Art, science come together in life science visualization minor
Wednesday, February 12, 2020
Undergraduate students at the University of Illinois at Chicago are studying life science visualization, or Life Sci Viz, thanks to a minor launched last year by the College of Applied Health Sciences. The new minor brings together biological and physical sciences, engineering, art and health care fields to teach students how to visualize science.
While the college’s Biomedical Visualization Graduate Program — one of only four accredited medical illustration programs in North America — was established nearly 100 years ago, the minor launched just one year ago in January 2019. UIC’s Samantha Bond is overseeing the minor, which she said was developed to meet student demand.
“It was heartbreaking to see how often undergraduate students felt they had to pick between the arts and the sciences,” said Bond, clinical assistant professor of biomedical and health information sciences and physical therapy. “We developed this program so that students from any discipline can learn the skills needed to collaborate with others and to produce accurate, eye-catching creative work that represents topics in science.”
The courses for the Life Sci Viz minor are open to any student as long as prerequisites are met.
Three Life Sci Viz students share how the Life Sci Viz minor helped them refined their career goals:
Alexandra Mangam, senior in biological science in the College of Liberal Arts and Sciences
“Quite honestly, for me, the thought of working in a research lab, pipetting for the rest of my life, was scary. Not everyone is meant for research, and I didn’t feel prepared for the future,” Mangam said.
“During my freshmen year, my mentor was an anaplastologist that constructed facial prosthetics for patients. She integrated a lot of fine arts into her job – hand-painting layers of skin, veins and capillaries on prostheses to exactly match how they look on the patient. I thought it was really cool.

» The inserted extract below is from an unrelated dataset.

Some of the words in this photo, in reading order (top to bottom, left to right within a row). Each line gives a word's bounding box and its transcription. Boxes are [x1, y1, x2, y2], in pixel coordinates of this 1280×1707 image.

“When UIC introduced the Life Sci Viz minor program, I had to try it. It was so interesting learning the art side. I was always very visual with my learning so, in retrospect, it now seems natural to gravitate towards a biomedical visualization career.
“I have finished the minor and am still taking classes because I love it. I’ve grown as an artist, a scientist and as a person. I have a future that I’m looking forward to.”

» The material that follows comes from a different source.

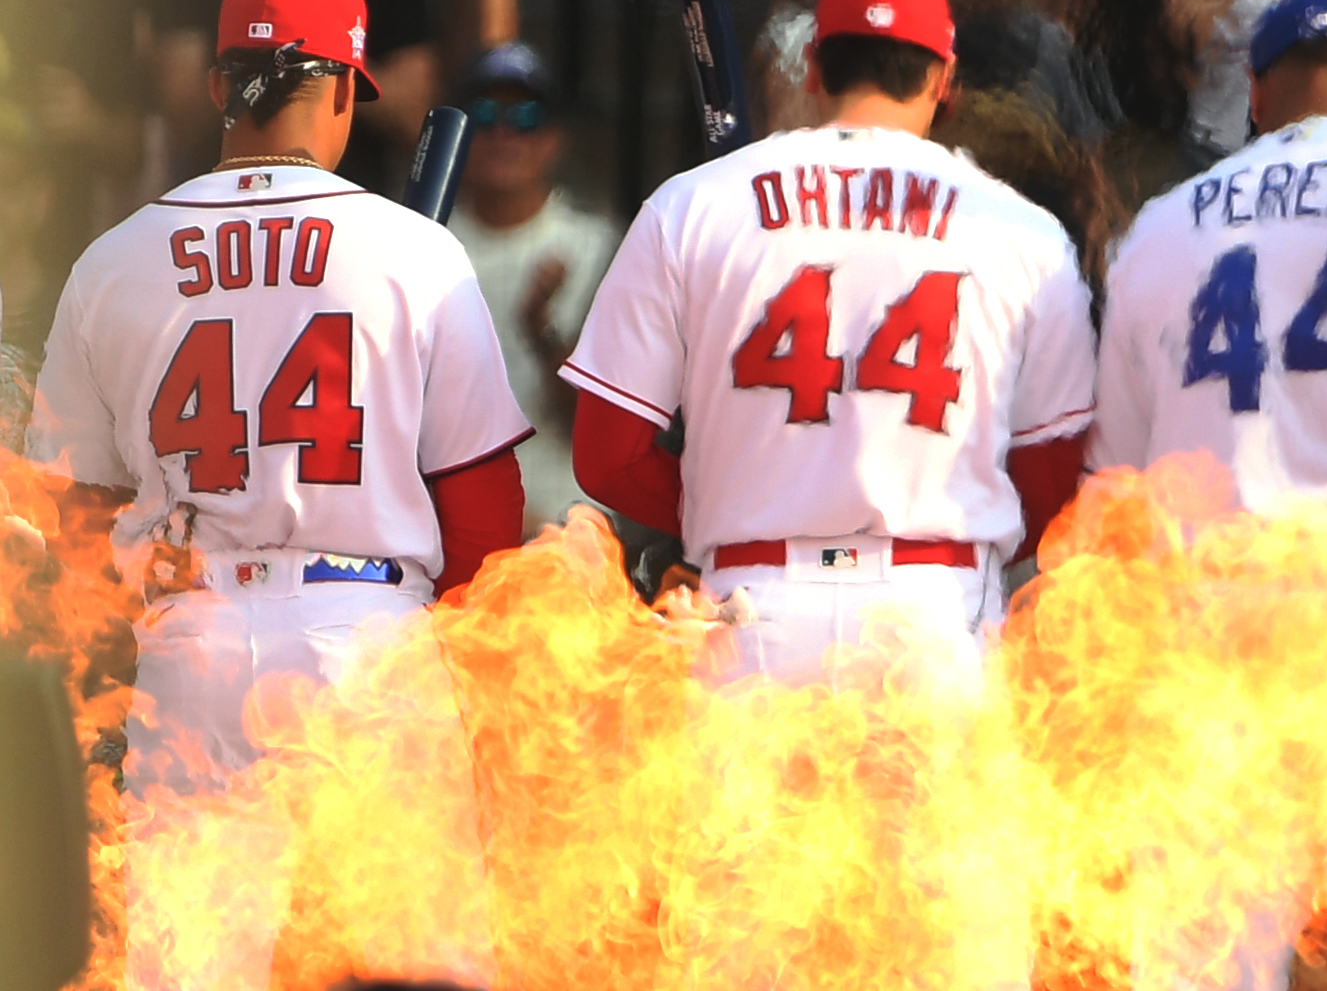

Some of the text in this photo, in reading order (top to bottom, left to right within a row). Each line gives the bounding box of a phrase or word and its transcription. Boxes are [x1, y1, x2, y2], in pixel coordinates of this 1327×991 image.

[169, 216, 335, 298] SOTO
[751, 164, 960, 242] OHTANI
[148, 311, 365, 494] 44
[731, 264, 971, 435] 44

Victoria Venice Goite, sophomore in fine arts in the College of Architecture, Design and the Arts
“Many people in my family have a medical background and I was heavily influenced by them,” Goite said. “In my culture, I believe there is this pressure to pursue scientific fields. I feel that people who are actually passionate about art are afraid to show that side. As much as I was interested in science, I loved art and believed in making my own path. So, I took as many AP art classes in high school to advance my artistic skills. Still, I wanted to combine art and science so I researched this Life Sci Viz minor.

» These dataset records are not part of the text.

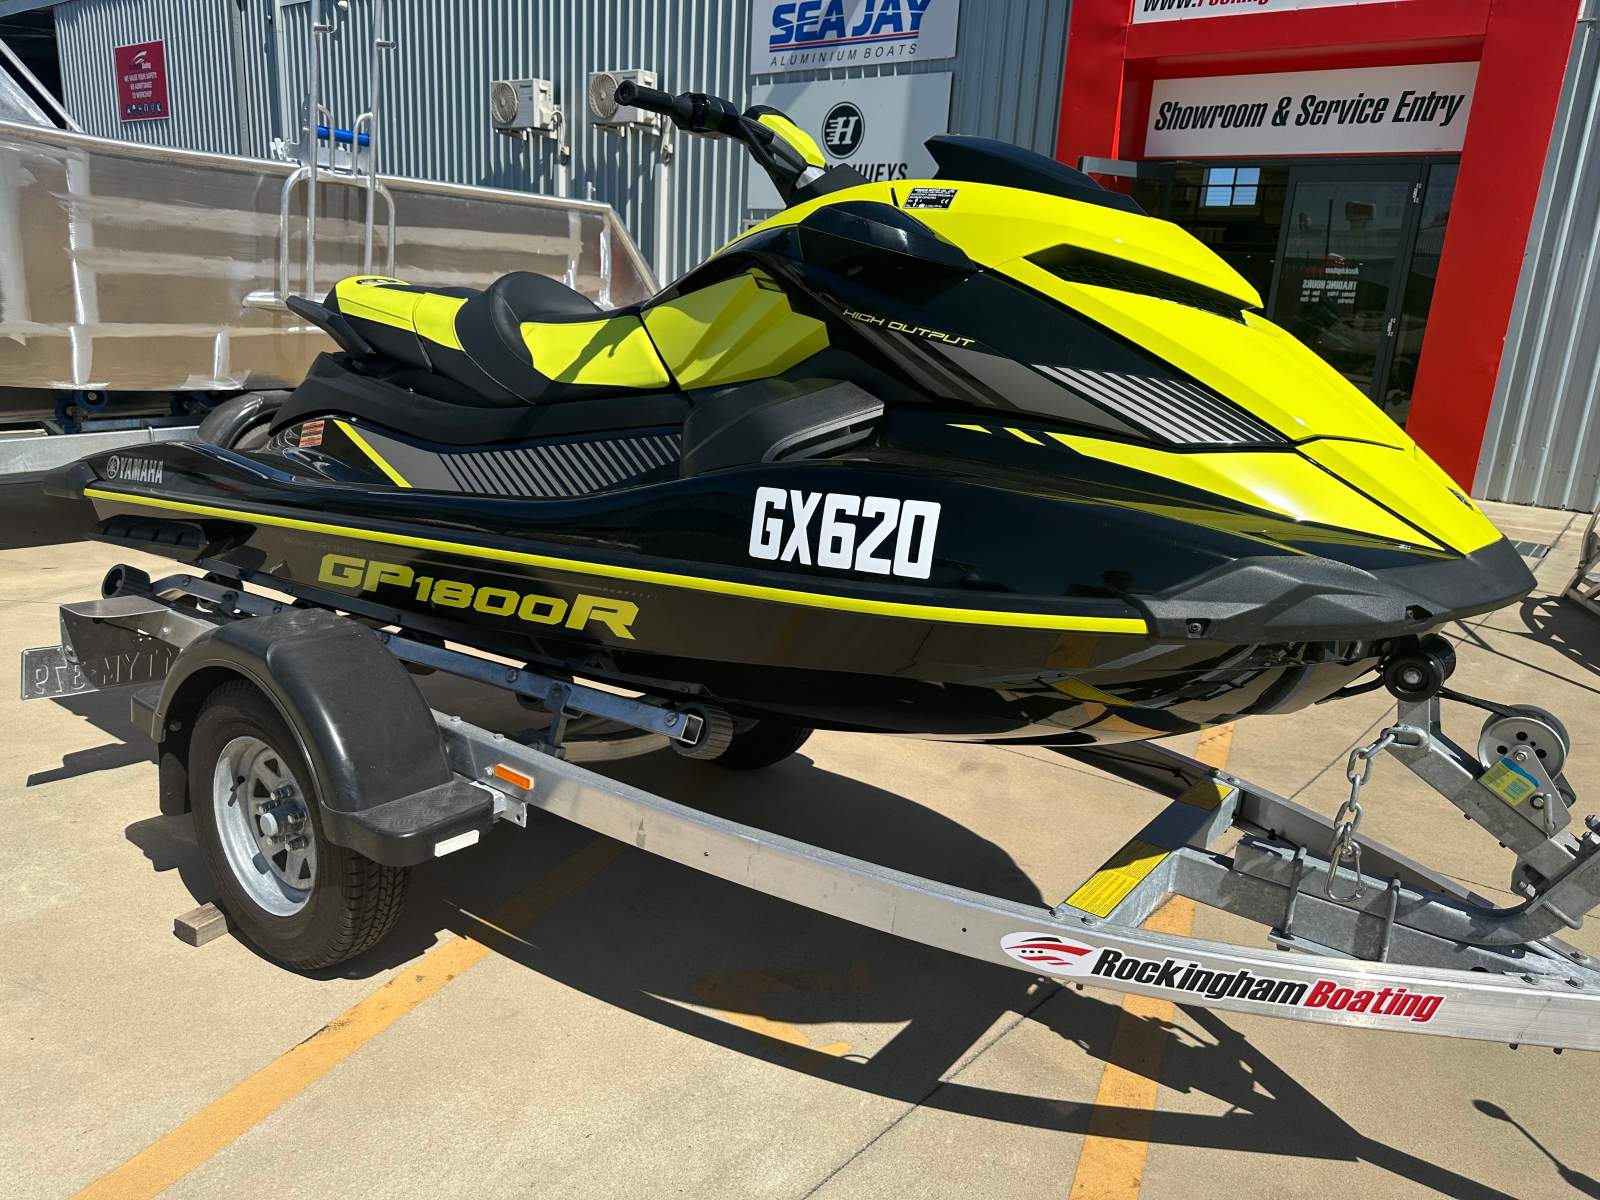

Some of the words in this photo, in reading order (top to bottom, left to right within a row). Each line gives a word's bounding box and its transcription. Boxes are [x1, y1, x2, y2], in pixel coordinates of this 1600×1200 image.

[769, 0, 846, 45] SEA
[851, 0, 931, 37] JAY
[770, 49, 858, 68] ALUMINIUM
[864, 43, 918, 60] BOATS
[1154, 101, 1269, 131] Showroom
[1271, 96, 1293, 127] &
[1295, 92, 1390, 126] Service
[1392, 90, 1466, 127] Entry
[842, 309, 886, 326] HIGH
[887, 321, 976, 346] OUTPUT
[118, 456, 164, 485] YAMAHA
[748, 486, 942, 580] GX620
[317, 553, 640, 641] GP1800R
[1090, 948, 1310, 1006] Rockingham
[1303, 980, 1446, 1023] Boating

“People don’t realize that art itself is not just painting, sitting and drawing. It’s about visualization and making something minuscule in your life, like a leaf, and giving it life through your eyes. Science heavily relies on observations and explanations — if you want to explain your findings, put figures in a textbook or even give an informational pamphlet to patients, you have to put creative thought into what you’re doing.
“The Life Sci Viz minor is providing me a solid foundation in both art and science. It gives me the security that I won’t have to choose between earning money and being a creative person. If you are passionate about art and science and haven’t found that middle ground, this is a great place to go.”
Bendita Qian, senior in integrated health studies in the College of Liberal Arts and Sciences
“When I came to UIC, I was a pre-med undeclared major and I was struggling in the science classes,” Qian said. “Those classes didn’t interest me. So, I decided to major in integrated health, which also incorporates the social sciences. Then UIC came out with the Life Sci Viz minor and I found it interesting because it would give me the opportunity to do something science-related that still integrated the arts.
“Art is an excellent form of communication and is a very good bridge for scientists to convey the information that they research and discover. If you have an artist serve as the middle ground, they can disseminate it in a way people can understand it and feel comfortable reading it. This could also help reduce the stigma of arts being a lower status than science and technology fields.”
“This minor really allows students to experience something holistic. Students learn to approach the sciences or arts from a different perspective. In a number of scientific fields, many factors in the arts, creativity and communication are vital in conducting meaningful research. Because we have so much accessible content in the world now, it can overwhelm people with cognitive burden. It’s more important than ever as illustrators to create work that is beautiful, accurate and easy to understand. In the process, I believe our contributions will validate the inclusion of art in the process of impactful scientific discovery.